One of the C&C Red Alert games...it would work out someone in a network play had the game copied (most of us were legit, but 8 people buying the same game is rare), but you wouldn't know immediately until everyone had at least a construction yard, power plant, refinery and barracks built for everyone, then without warning and for no apparent reason, everyone's buildings exploded at once like everyone had been nuked.
It would've been a good photo to take of everyone's expressions at that exact moment, because it certainly took us by surprise and convinced us to, er, try even harder to crack it. Which we did.
Desktop scenarios exist. It's another way of saying "we want to control what different people can do to different machines in our enterprise". Do you want accountants being able to install software? No. Do you want devs to be able to access accounts? No. Do we want all employees to save data locally? No - the profile needs to be server-side.

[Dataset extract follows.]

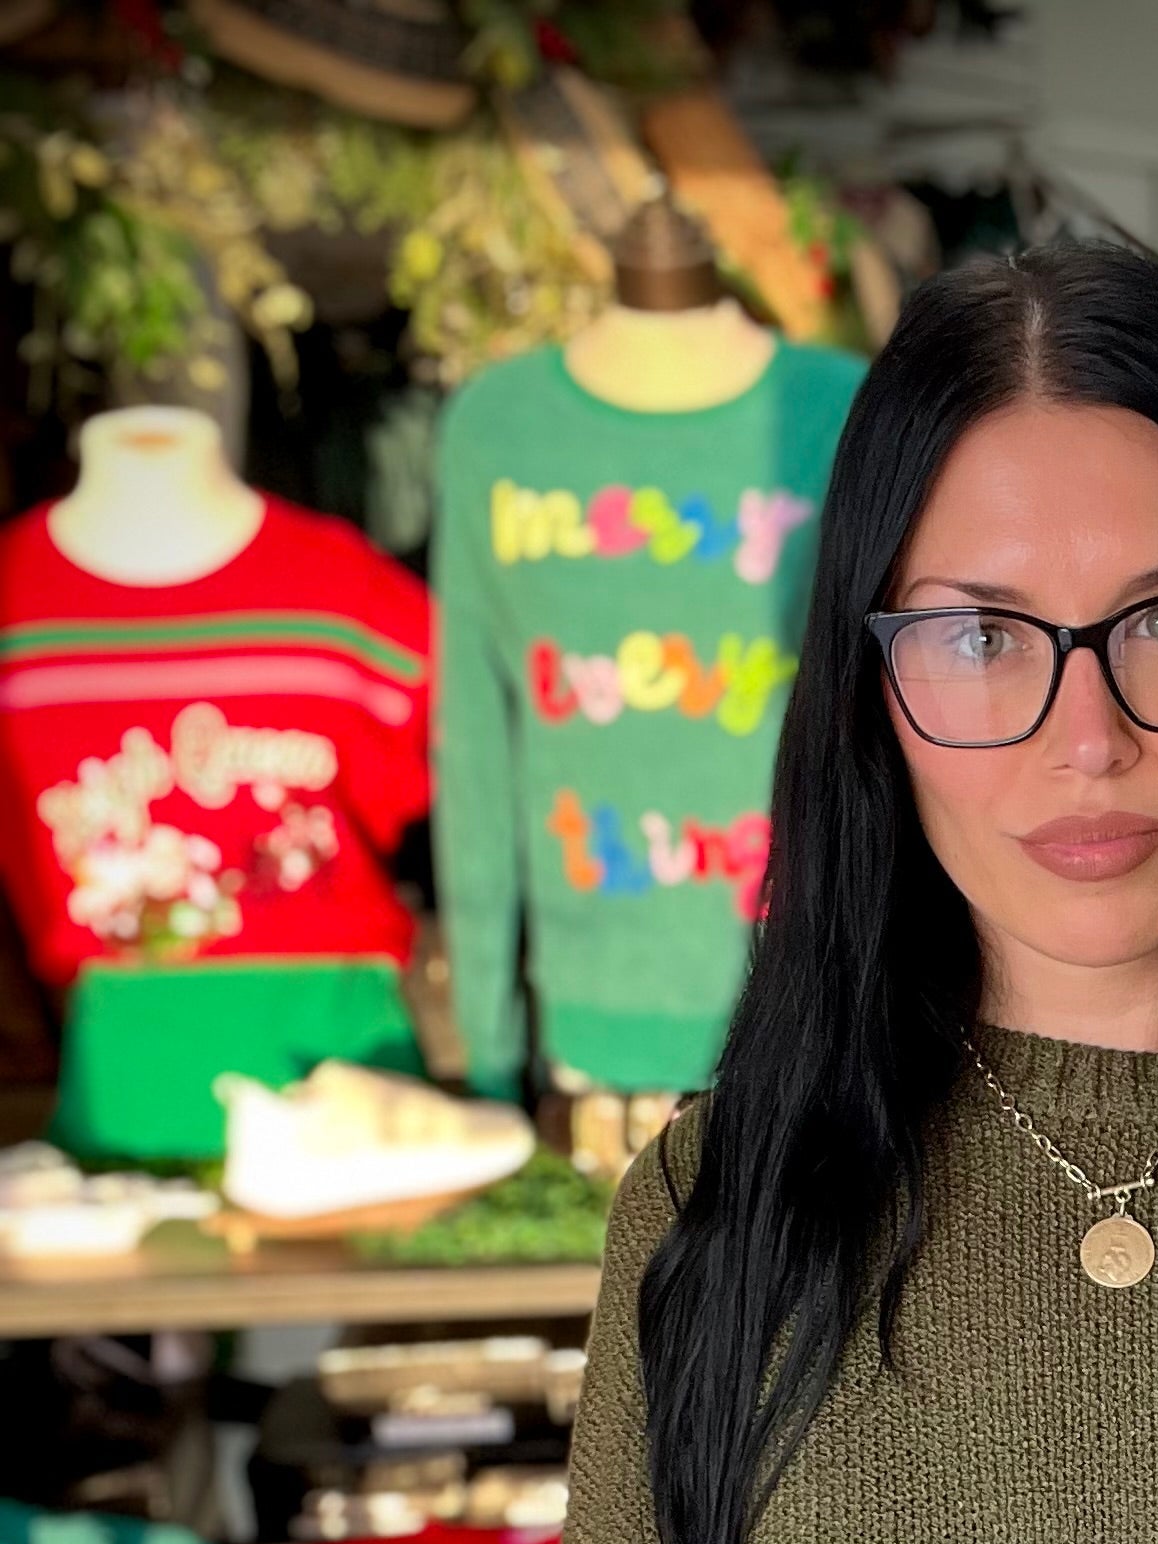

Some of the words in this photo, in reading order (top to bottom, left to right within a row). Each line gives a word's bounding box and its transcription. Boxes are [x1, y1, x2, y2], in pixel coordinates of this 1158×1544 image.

[491, 477, 813, 584] merry
[527, 631, 798, 736] every
[546, 788, 772, 921] thing

AD makes light work of all this.
And great, if you can mount/usr directories to NFS locations, that's good, folder redirection can also be done in Active Directory.
I'm trying to point out that organising and administrating wide-sweeping changes to large number of desktops in Windows world is very easy; and most definitely a business requirement. Being able to evolve and manage your network infrastructure is a crucial requirement for most businesses, and the Windows eco-system does a great job at making it quick & easy. Could you push out a patch for a zero-day flaw to a thousand Linux workstations that hour if you needed to? I could in Windows server.

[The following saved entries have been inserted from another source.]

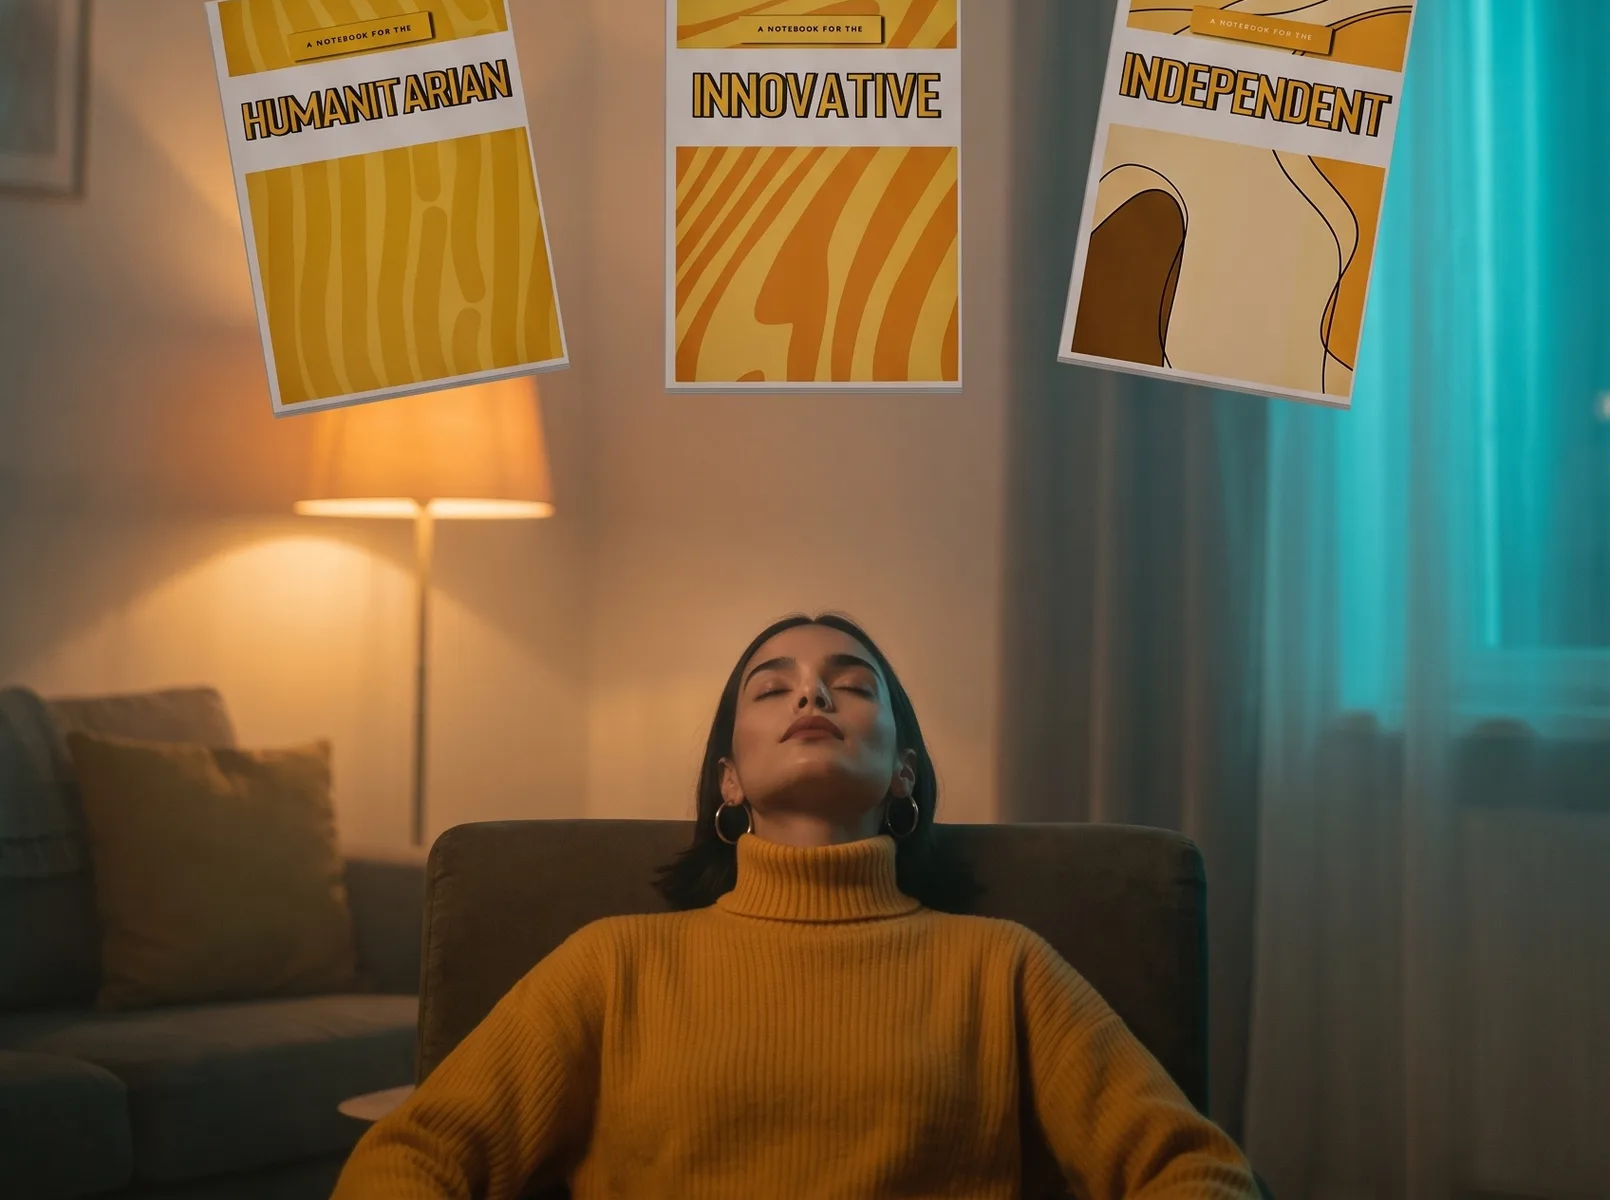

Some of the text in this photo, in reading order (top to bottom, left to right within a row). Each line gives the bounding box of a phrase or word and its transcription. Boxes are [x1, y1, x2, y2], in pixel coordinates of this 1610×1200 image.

[316, 31, 369, 47] NOTEBOOK
[371, 27, 391, 38] FOR
[393, 24, 413, 34] THE
[757, 25, 863, 33] A NOTEBOOK FOR THE
[1272, 28, 1292, 39] FOR
[1295, 32, 1313, 42] THE
[241, 58, 513, 141] HUMANITARIAN
[692, 72, 942, 119] INNOVATIVE
[1118, 51, 1393, 137] INDEPENDENT

Enterprise networking goes far beyond just logging into a server as I'm sure you know.
As i've said before, obviously it's physically possible to get Linux to do something similar to what Windows AD allows....it's just the effort required to do it.
When it would take 10 minutes to setup these desktop scenarios here for thousands of machines on a network, that's when you'll know it's close.

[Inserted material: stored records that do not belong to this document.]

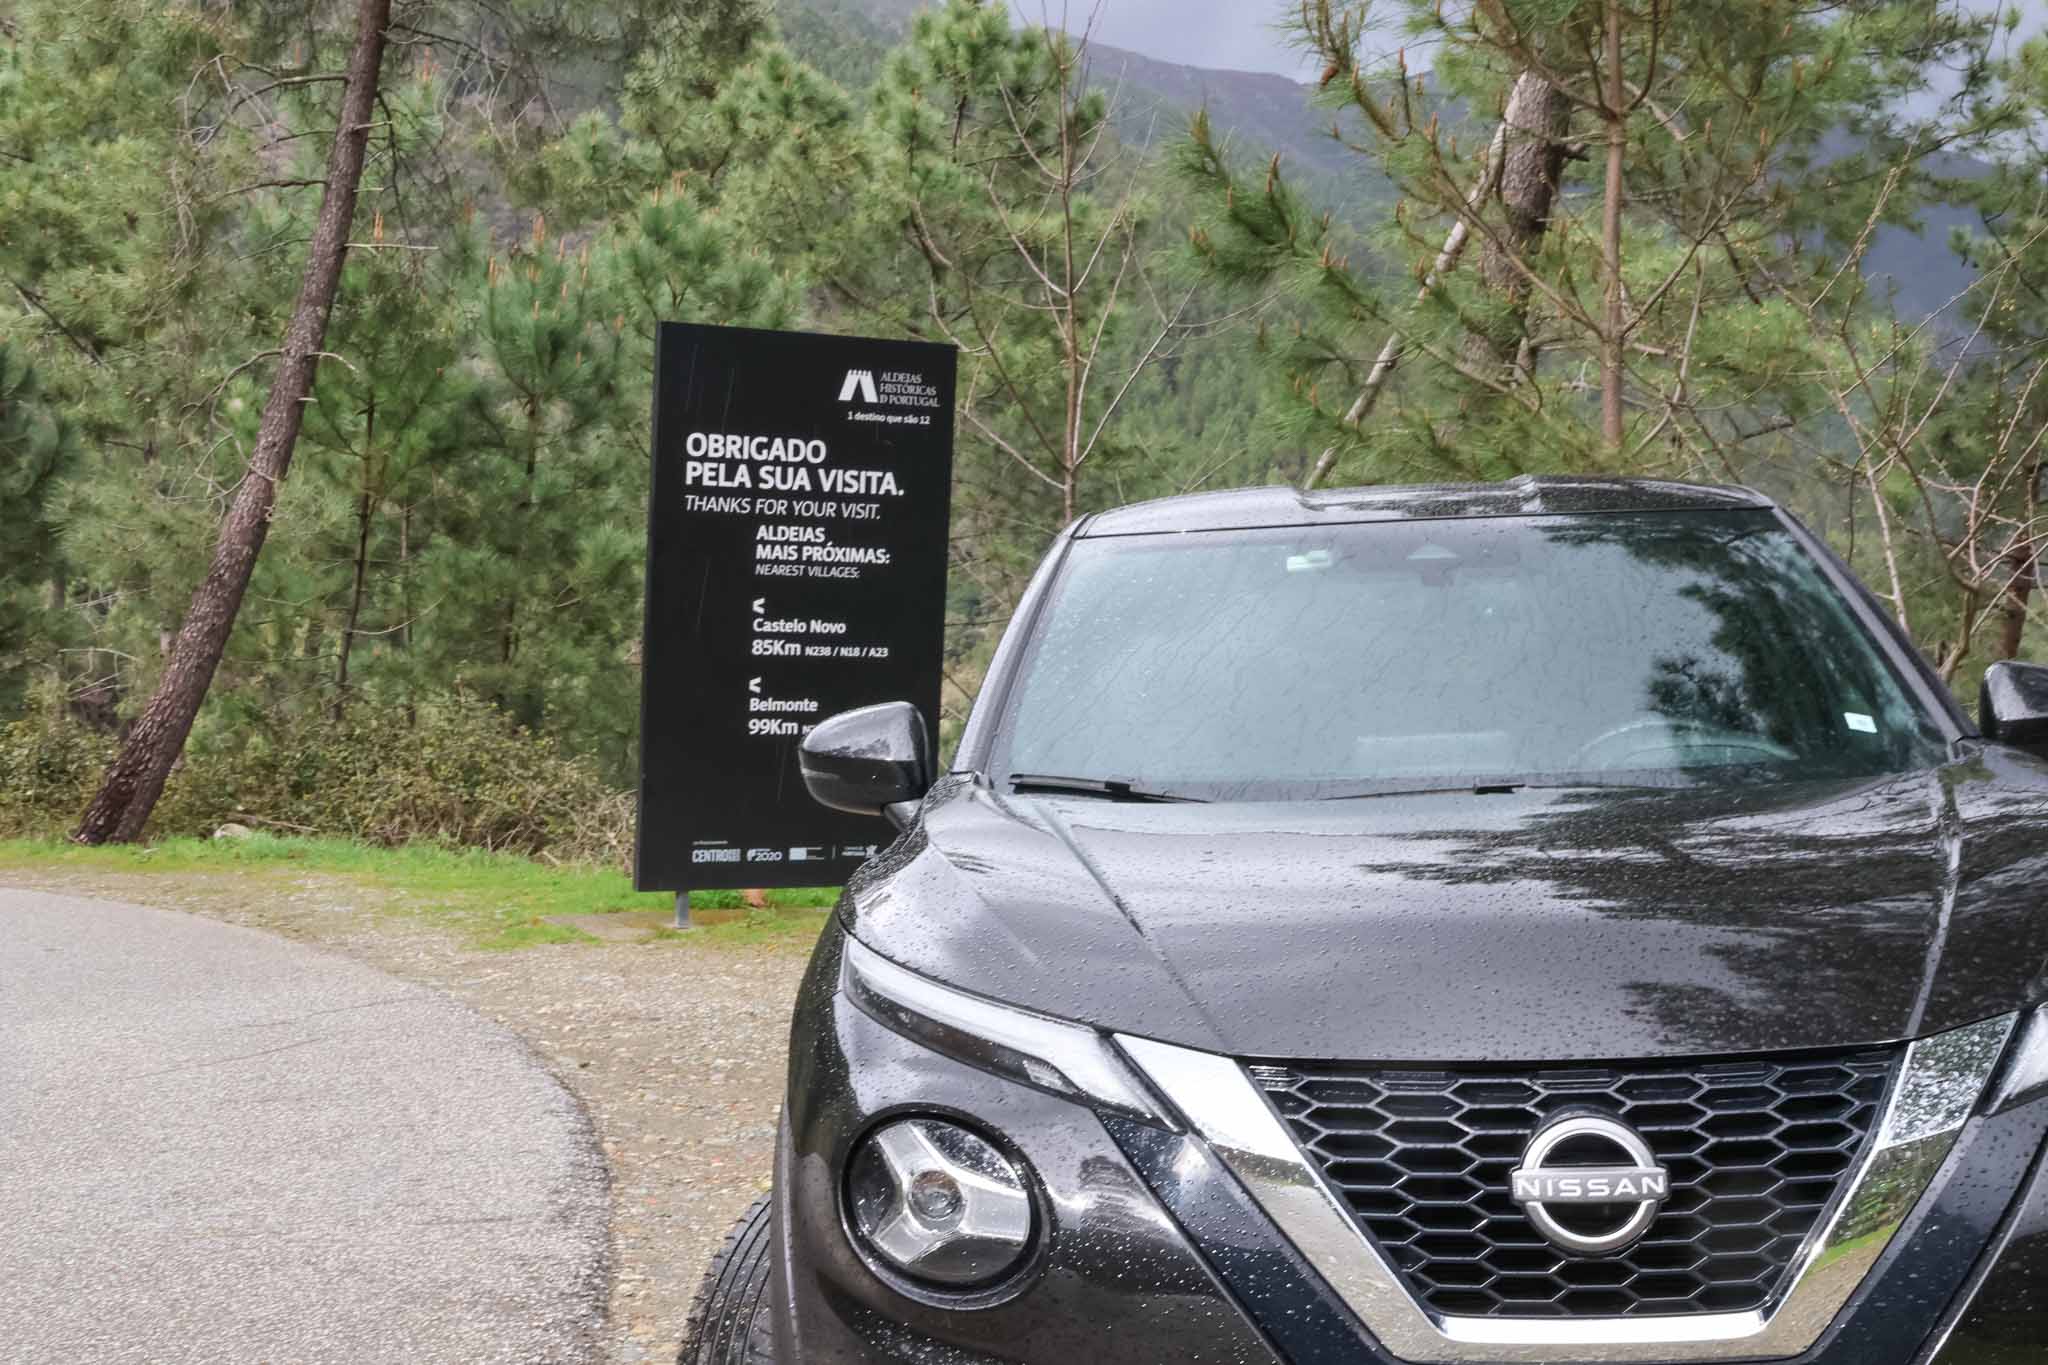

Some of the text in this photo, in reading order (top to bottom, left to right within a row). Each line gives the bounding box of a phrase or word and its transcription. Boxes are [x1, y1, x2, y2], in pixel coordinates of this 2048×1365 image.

[881, 371, 922, 384] ALDEIAS
[889, 395, 940, 408] PORTUGAL
[854, 411, 886, 422] destino
[886, 415, 903, 425] que
[919, 415, 931, 425] 12
[686, 432, 827, 464] OBRIGADO
[685, 460, 905, 496] PELA SUA VISITA.
[685, 494, 881, 521] THANKS FOR YOUR VISIT.
[756, 524, 826, 543] ALDEIAS
[756, 541, 891, 565] MAIS PRÓXIMAS:
[755, 563, 861, 579] NEAREST VILLAGES:
[752, 617, 847, 635] Castelo Novo
[751, 639, 802, 657] 85Km
[804, 646, 832, 657] N238
[840, 647, 861, 657] N18
[868, 647, 889, 658] A23
[749, 697, 819, 713] Belmonte
[748, 718, 799, 736] 99Km
[1516, 1175, 1664, 1198] NISSAN

So obviously the solution is to teach users to click on Accept every time a box comes up. Because that's all that the Vista UAC has done, is train hundreds of thousands of users that when a box pops up, you hit accept to do what you were trying to do. In an alternative universe this would read:
So obviously the solution is to teach users to enter "sudo $application" before running the apps. Because that's all that the Ubuntu sudo has done, is train hundreds of thousands of users that you need to prefix that to do what you were trying to do.
Rebooting in Windows is only done if files needed for patching are in use. So flaws in the shell or GDI for example would almost definitely require a reboot. This is the same in Linux, except that you only "reboot" the particular bit that was patched; the thing is, say you needed to patch X for instance and reboot it, to all intents and purposes that's as good as taking the whole system down (for servers not of course).
Anyway, on the other points, I'm totally aware it's possible in Linux, but it would take a certain amount of setting up to do. In Windows (business versions) this is all hard-coded in. Everything from complete IE configuration, to IPSec profiles, to Wireless network config, to the title-bar in Explorer. Everything. It's an admin dream, it really is - this is a good intro to it - http://technet2.microsoft.com/windowsserver/en/library/7b33dcd6-0ad2-44e8-82f8-962425b6cf8e1033.mspx?mfr=true
My point is just that I've not seen anything pre-built that allows such instant and flexible management of thousands of workstations in Linux, and actually, I'm interested to know how you would do it.
Yeah, i'm sure some or even most of the stuff you can do in AD is possible in Linux, but it's just the ease of it.
For example, you need to urgently patch 2000 workstations and several servers you don't have physical access to and are in use during office hours at the very least. The servers can't come down all at once so must be staged to maintain service, and the workstations must gracefully give anyone logged on a 30 minute warning before rebooting after patching is done - updates normally being a weekend job.
Afterwards, you need to see a report number of machines patched, and any that failed for whatever reason.
This would be a 10 minute procedure in Windows land. Create/modify the policies up in the Active Directory; force a group-policy update if it's urgent; then sign onto the WSUS server the next morning to see the patch status report. It's oh so easy.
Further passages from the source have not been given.